(Excerpts from a dataset)

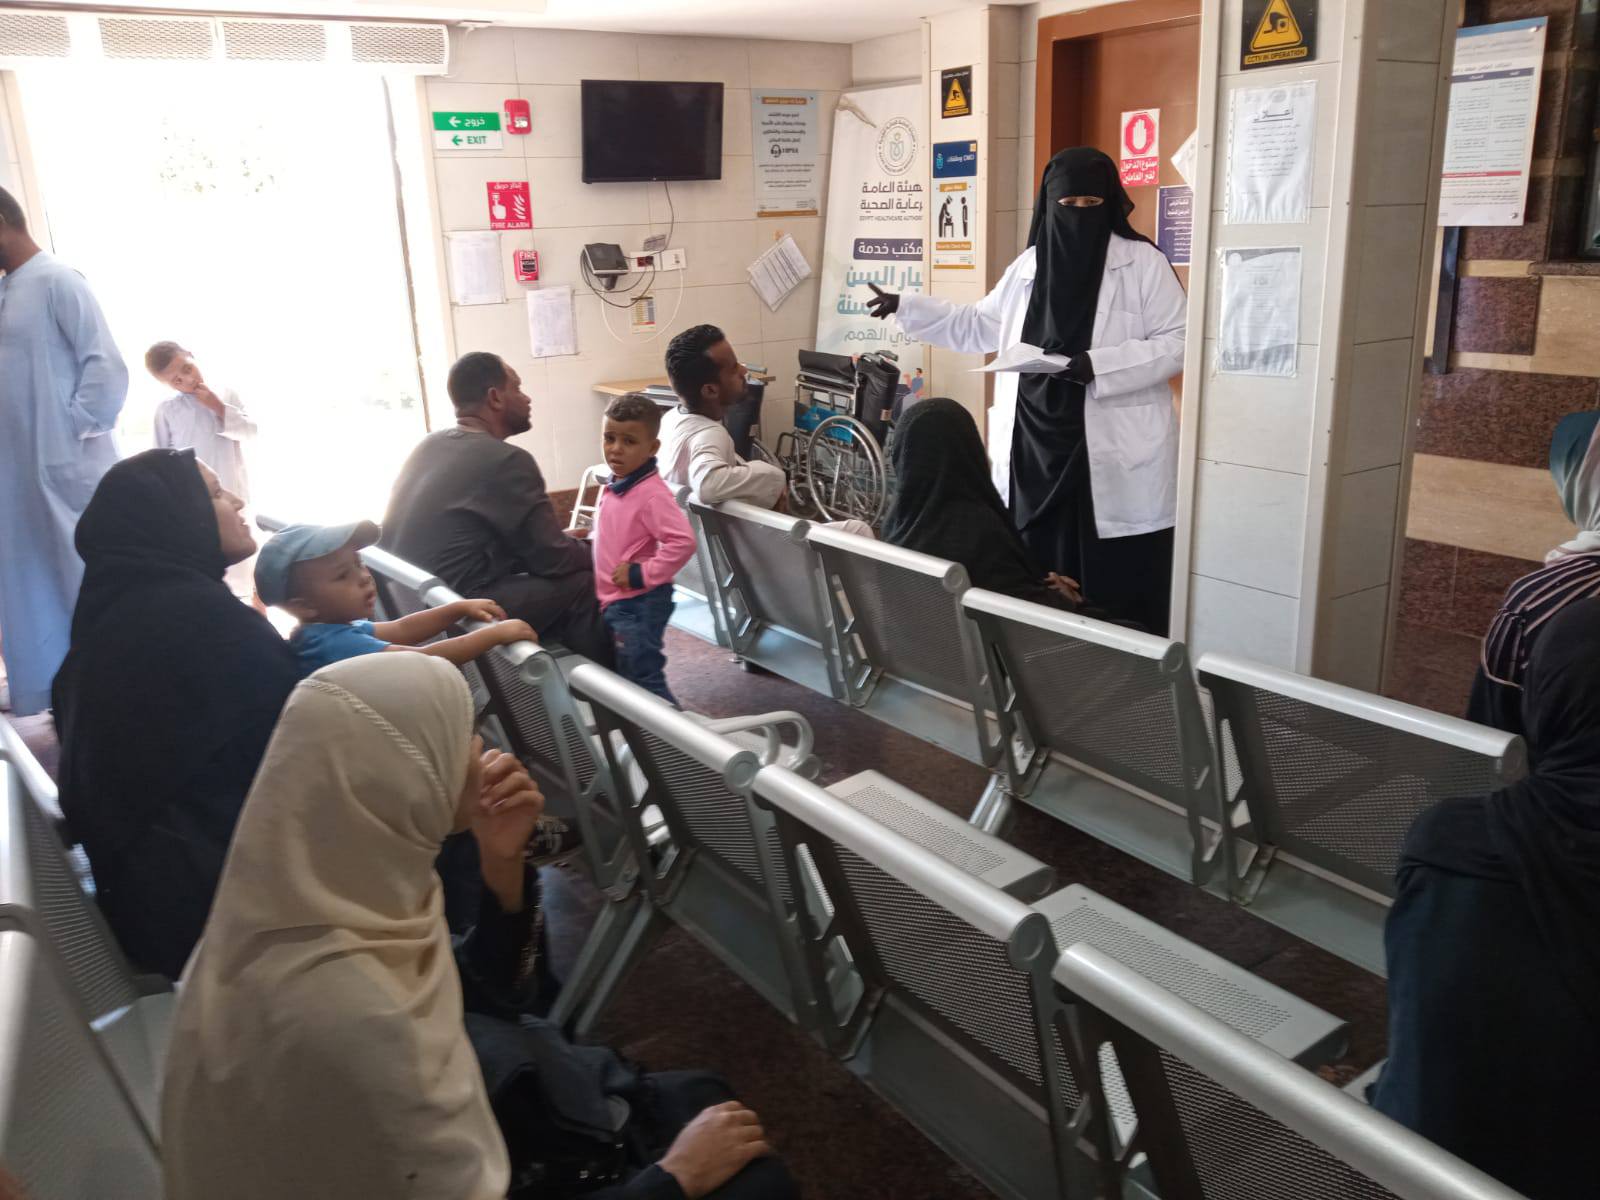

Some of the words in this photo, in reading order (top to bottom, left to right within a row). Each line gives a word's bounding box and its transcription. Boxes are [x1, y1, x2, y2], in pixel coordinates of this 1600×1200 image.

[1271, 49, 1306, 60] OPERATION
[464, 116, 486, 128] خروج
[466, 135, 487, 145] EXIT
[1120, 161, 1142, 172] الدخول
[1142, 159, 1158, 171] ممنوع
[1122, 172, 1144, 185] العاملين
[1144, 171, 1155, 184] لغير
[862, 181, 895, 194] العامة
[896, 180, 923, 196] هيئة
[860, 198, 894, 214] الصحية
[895, 197, 923, 214] رعاية
[858, 241, 889, 254] خدمة
[891, 242, 923, 258] مكتب
[519, 250, 537, 259] FIRE
[846, 265, 895, 288] السن
[897, 266, 923, 292] بار
[844, 328, 887, 342] الهمم

• **WORK ORDER**: A faithful copy is needed: reproduce all of the data above, leaving the pictures out.

• **TASK RESULT**:
Some of the words in this photo, in reading order (top to bottom, left to right within a row). Each line gives a word's bounding box and its transcription. Boxes are [x1, y1, x2, y2], in pixel coordinates of this 1600×1200 image.

[1271, 49, 1306, 60] OPERATION
[464, 116, 486, 128] خروج
[466, 135, 487, 145] EXIT
[1120, 161, 1142, 172] الدخول
[1142, 159, 1158, 171] ممنوع
[1122, 172, 1144, 185] العاملين
[1144, 171, 1155, 184] لغير
[862, 181, 895, 194] العامة
[896, 180, 923, 196] هيئة
[860, 198, 894, 214] الصحية
[895, 197, 923, 214] رعاية
[858, 241, 889, 254] خدمة
[891, 242, 923, 258] مكتب
[519, 250, 537, 259] FIRE
[846, 265, 895, 288] السن
[897, 266, 923, 292] بار
[844, 328, 887, 342] الهمم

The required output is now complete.